__Problem details__. What is needed is the complete listing, repeated exactly.
# # # # #
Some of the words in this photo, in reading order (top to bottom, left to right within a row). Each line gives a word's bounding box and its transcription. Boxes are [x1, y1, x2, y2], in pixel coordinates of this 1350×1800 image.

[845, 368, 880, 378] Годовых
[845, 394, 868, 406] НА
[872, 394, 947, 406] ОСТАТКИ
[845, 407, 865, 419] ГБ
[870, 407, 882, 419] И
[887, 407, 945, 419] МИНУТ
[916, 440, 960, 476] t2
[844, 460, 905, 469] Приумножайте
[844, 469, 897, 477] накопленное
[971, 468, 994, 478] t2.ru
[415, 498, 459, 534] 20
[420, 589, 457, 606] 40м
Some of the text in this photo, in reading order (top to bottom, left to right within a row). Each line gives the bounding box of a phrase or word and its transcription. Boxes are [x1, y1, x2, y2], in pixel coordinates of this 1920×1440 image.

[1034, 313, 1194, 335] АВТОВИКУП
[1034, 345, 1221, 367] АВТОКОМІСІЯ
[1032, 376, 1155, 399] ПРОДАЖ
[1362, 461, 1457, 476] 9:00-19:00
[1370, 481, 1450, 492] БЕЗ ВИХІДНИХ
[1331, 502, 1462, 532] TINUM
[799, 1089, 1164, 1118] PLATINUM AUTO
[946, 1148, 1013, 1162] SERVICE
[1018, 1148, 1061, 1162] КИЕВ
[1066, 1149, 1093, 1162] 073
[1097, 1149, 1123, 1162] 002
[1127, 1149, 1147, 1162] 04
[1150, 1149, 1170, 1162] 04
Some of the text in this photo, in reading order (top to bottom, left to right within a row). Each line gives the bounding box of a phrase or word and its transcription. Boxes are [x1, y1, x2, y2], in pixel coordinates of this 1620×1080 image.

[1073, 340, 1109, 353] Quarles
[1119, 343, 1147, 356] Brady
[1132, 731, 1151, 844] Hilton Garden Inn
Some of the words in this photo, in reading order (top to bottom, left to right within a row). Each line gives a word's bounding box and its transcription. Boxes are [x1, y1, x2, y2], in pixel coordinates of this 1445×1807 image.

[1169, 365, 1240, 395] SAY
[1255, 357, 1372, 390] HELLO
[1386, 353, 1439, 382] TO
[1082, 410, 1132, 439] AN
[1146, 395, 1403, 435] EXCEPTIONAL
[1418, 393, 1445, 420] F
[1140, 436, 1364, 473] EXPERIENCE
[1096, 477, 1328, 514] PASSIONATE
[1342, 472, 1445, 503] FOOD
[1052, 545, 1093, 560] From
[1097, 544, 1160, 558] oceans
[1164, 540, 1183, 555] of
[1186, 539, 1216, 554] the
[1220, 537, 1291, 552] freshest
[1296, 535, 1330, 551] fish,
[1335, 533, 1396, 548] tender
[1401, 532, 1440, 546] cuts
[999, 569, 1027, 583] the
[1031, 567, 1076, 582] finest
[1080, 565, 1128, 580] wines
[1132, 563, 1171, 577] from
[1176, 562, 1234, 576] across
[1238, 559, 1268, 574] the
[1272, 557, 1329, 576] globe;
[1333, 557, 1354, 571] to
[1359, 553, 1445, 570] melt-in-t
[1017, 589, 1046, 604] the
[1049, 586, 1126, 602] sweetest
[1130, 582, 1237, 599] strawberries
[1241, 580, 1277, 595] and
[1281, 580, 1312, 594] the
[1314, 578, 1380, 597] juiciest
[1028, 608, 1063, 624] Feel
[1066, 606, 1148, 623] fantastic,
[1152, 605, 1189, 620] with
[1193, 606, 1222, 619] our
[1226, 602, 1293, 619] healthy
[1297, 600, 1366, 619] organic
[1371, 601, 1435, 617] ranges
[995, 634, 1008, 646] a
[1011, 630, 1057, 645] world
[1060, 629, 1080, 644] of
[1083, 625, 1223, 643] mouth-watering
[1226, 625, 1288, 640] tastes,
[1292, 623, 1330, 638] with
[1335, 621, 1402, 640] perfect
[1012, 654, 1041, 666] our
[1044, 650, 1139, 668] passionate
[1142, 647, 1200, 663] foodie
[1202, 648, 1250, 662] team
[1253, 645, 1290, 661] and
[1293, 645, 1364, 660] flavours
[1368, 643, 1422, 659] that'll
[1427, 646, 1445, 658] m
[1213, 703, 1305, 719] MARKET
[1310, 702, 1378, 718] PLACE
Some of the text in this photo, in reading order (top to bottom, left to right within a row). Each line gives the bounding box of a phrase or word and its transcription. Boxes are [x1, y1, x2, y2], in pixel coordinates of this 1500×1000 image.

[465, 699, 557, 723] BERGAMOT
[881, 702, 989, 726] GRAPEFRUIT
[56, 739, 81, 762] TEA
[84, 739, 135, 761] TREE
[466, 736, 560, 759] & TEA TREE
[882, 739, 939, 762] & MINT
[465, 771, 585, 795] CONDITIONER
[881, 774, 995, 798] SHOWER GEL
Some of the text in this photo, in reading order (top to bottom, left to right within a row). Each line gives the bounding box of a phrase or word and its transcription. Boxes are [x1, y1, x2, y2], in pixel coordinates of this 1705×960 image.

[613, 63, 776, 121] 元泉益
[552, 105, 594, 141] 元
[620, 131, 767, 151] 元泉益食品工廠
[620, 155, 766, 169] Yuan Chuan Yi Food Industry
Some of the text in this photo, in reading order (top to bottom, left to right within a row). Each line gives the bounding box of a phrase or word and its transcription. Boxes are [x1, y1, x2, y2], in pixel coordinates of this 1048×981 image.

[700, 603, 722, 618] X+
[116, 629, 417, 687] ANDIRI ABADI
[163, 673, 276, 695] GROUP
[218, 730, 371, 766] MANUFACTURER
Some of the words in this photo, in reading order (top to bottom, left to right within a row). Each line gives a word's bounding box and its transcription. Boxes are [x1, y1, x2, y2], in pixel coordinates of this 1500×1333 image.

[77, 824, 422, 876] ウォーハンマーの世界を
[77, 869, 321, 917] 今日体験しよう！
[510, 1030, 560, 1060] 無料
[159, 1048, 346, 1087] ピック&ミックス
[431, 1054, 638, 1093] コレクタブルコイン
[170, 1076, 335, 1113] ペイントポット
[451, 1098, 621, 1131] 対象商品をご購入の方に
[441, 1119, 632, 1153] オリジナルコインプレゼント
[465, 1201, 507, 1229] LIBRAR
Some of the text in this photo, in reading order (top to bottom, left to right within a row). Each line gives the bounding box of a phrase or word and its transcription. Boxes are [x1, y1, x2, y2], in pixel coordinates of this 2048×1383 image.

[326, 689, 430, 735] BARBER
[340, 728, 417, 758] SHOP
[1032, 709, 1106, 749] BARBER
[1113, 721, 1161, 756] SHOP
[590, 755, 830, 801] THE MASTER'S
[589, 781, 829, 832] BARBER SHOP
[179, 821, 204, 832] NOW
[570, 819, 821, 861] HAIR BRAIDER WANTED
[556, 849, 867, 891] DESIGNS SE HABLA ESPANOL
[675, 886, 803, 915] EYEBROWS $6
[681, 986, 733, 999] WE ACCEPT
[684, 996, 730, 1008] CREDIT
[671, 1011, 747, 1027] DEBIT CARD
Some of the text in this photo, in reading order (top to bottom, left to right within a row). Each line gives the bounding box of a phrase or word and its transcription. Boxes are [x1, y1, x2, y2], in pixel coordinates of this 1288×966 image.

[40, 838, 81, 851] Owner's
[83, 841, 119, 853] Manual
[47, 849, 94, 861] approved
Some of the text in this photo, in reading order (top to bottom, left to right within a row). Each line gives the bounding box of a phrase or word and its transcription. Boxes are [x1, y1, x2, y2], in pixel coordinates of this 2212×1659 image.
# # # # #
__Task result__.
Some of the words in this photo, in reading order (top to bottom, left to right within a row). Each line gives a word's bounding box and its transcription. Boxes are [x1, y1, x2, y2], in pixel coordinates of this 1350×1800 image.

[845, 368, 880, 378] Годовых
[845, 394, 868, 406] НА
[872, 394, 947, 406] ОСТАТКИ
[845, 407, 865, 419] ГБ
[870, 407, 882, 419] И
[887, 407, 945, 419] МИНУТ
[916, 440, 960, 476] t2
[844, 460, 905, 469] Приумножайте
[844, 469, 897, 477] накопленное
[971, 468, 994, 478] t2.ru
[415, 498, 459, 534] 20
[420, 589, 457, 606] 40м
Some of the text in this photo, in reading order (top to bottom, left to right within a row). Each line gives the bounding box of a phrase or word and its transcription. Boxes are [x1, y1, x2, y2], in pixel coordinates of this 1920×1440 image.

[1034, 313, 1194, 335] АВТОВИКУП
[1034, 345, 1221, 367] АВТОКОМІСІЯ
[1032, 376, 1155, 399] ПРОДАЖ
[1362, 461, 1457, 476] 9:00-19:00
[1370, 481, 1450, 492] БЕЗ ВИХІДНИХ
[1331, 502, 1462, 532] TINUM
[799, 1089, 1164, 1118] PLATINUM AUTO
[946, 1148, 1013, 1162] SERVICE
[1018, 1148, 1061, 1162] КИЕВ
[1066, 1149, 1093, 1162] 073
[1097, 1149, 1123, 1162] 002
[1127, 1149, 1147, 1162] 04
[1150, 1149, 1170, 1162] 04
Some of the text in this photo, in reading order (top to bottom, left to right within a row). Each line gives the bounding box of a phrase or word and its transcription. Boxes are [x1, y1, x2, y2], in pixel coordinates of this 1620×1080 image.

[1073, 340, 1109, 353] Quarles
[1119, 343, 1147, 356] Brady
[1132, 731, 1151, 844] Hilton Garden Inn
Some of the words in this photo, in reading order (top to bottom, left to right within a row). Each line gives a word's bounding box and its transcription. Boxes are [x1, y1, x2, y2], in pixel coordinates of this 1445×1807 image.

[1169, 365, 1240, 395] SAY
[1255, 357, 1372, 390] HELLO
[1386, 353, 1439, 382] TO
[1082, 410, 1132, 439] AN
[1146, 395, 1403, 435] EXCEPTIONAL
[1418, 393, 1445, 420] F
[1140, 436, 1364, 473] EXPERIENCE
[1096, 477, 1328, 514] PASSIONATE
[1342, 472, 1445, 503] FOOD
[1052, 545, 1093, 560] From
[1097, 544, 1160, 558] oceans
[1164, 540, 1183, 555] of
[1186, 539, 1216, 554] the
[1220, 537, 1291, 552] freshest
[1296, 535, 1330, 551] fish,
[1335, 533, 1396, 548] tender
[1401, 532, 1440, 546] cuts
[999, 569, 1027, 583] the
[1031, 567, 1076, 582] finest
[1080, 565, 1128, 580] wines
[1132, 563, 1171, 577] from
[1176, 562, 1234, 576] across
[1238, 559, 1268, 574] the
[1272, 557, 1329, 576] globe;
[1333, 557, 1354, 571] to
[1359, 553, 1445, 570] melt-in-t
[1017, 589, 1046, 604] the
[1049, 586, 1126, 602] sweetest
[1130, 582, 1237, 599] strawberries
[1241, 580, 1277, 595] and
[1281, 580, 1312, 594] the
[1314, 578, 1380, 597] juiciest
[1028, 608, 1063, 624] Feel
[1066, 606, 1148, 623] fantastic,
[1152, 605, 1189, 620] with
[1193, 606, 1222, 619] our
[1226, 602, 1293, 619] healthy
[1297, 600, 1366, 619] organic
[1371, 601, 1435, 617] ranges
[995, 634, 1008, 646] a
[1011, 630, 1057, 645] world
[1060, 629, 1080, 644] of
[1083, 625, 1223, 643] mouth-watering
[1226, 625, 1288, 640] tastes,
[1292, 623, 1330, 638] with
[1335, 621, 1402, 640] perfect
[1012, 654, 1041, 666] our
[1044, 650, 1139, 668] passionate
[1142, 647, 1200, 663] foodie
[1202, 648, 1250, 662] team
[1253, 645, 1290, 661] and
[1293, 645, 1364, 660] flavours
[1368, 643, 1422, 659] that'll
[1427, 646, 1445, 658] m
[1213, 703, 1305, 719] MARKET
[1310, 702, 1378, 718] PLACE
Some of the text in this photo, in reading order (top to bottom, left to right within a row). Each line gives the bounding box of a phrase or word and its transcription. Boxes are [x1, y1, x2, y2], in pixel coordinates of this 1500×1000 image.

[465, 699, 557, 723] BERGAMOT
[881, 702, 989, 726] GRAPEFRUIT
[56, 739, 81, 762] TEA
[84, 739, 135, 761] TREE
[466, 736, 560, 759] & TEA TREE
[882, 739, 939, 762] & MINT
[465, 771, 585, 795] CONDITIONER
[881, 774, 995, 798] SHOWER GEL
Some of the text in this photo, in reading order (top to bottom, left to right within a row). Each line gives the bounding box of a phrase or word and its transcription. Boxes are [x1, y1, x2, y2], in pixel coordinates of this 1705×960 image.

[613, 63, 776, 121] 元泉益
[552, 105, 594, 141] 元
[620, 131, 767, 151] 元泉益食品工廠
[620, 155, 766, 169] Yuan Chuan Yi Food Industry
Some of the text in this photo, in reading order (top to bottom, left to right within a row). Each line gives the bounding box of a phrase or word and its transcription. Boxes are [x1, y1, x2, y2], in pixel coordinates of this 1048×981 image.

[700, 603, 722, 618] X+
[116, 629, 417, 687] ANDIRI ABADI
[163, 673, 276, 695] GROUP
[218, 730, 371, 766] MANUFACTURER
Some of the words in this photo, in reading order (top to bottom, left to right within a row). Each line gives a word's bounding box and its transcription. Boxes are [x1, y1, x2, y2], in pixel coordinates of this 1500×1333 image.

[77, 824, 422, 876] ウォーハンマーの世界を
[77, 869, 321, 917] 今日体験しよう！
[510, 1030, 560, 1060] 無料
[159, 1048, 346, 1087] ピック&ミックス
[431, 1054, 638, 1093] コレクタブルコイン
[170, 1076, 335, 1113] ペイントポット
[451, 1098, 621, 1131] 対象商品をご購入の方に
[441, 1119, 632, 1153] オリジナルコインプレゼント
[465, 1201, 507, 1229] LIBRAR
Some of the text in this photo, in reading order (top to bottom, left to right within a row). Each line gives the bounding box of a phrase or word and its transcription. Boxes are [x1, y1, x2, y2], in pixel coordinates of this 2048×1383 image.

[326, 689, 430, 735] BARBER
[340, 728, 417, 758] SHOP
[1032, 709, 1106, 749] BARBER
[1113, 721, 1161, 756] SHOP
[590, 755, 830, 801] THE MASTER'S
[589, 781, 829, 832] BARBER SHOP
[179, 821, 204, 832] NOW
[570, 819, 821, 861] HAIR BRAIDER WANTED
[556, 849, 867, 891] DESIGNS SE HABLA ESPANOL
[675, 886, 803, 915] EYEBROWS $6
[681, 986, 733, 999] WE ACCEPT
[684, 996, 730, 1008] CREDIT
[671, 1011, 747, 1027] DEBIT CARD
Some of the text in this photo, in reading order (top to bottom, left to right within a row). Each line gives the bounding box of a phrase or word and its transcription. Boxes are [x1, y1, x2, y2], in pixel coordinates of this 1288×966 image.

[40, 838, 81, 851] Owner's
[83, 841, 119, 853] Manual
[47, 849, 94, 861] approved
Some of the text in this photo, in reading order (top to bottom, left to right within a row). Each line gives the bounding box of a phrase or word and its transcription. Boxes are [x1, y1, x2, y2], in pixel coordinates of this 2212×1659 image.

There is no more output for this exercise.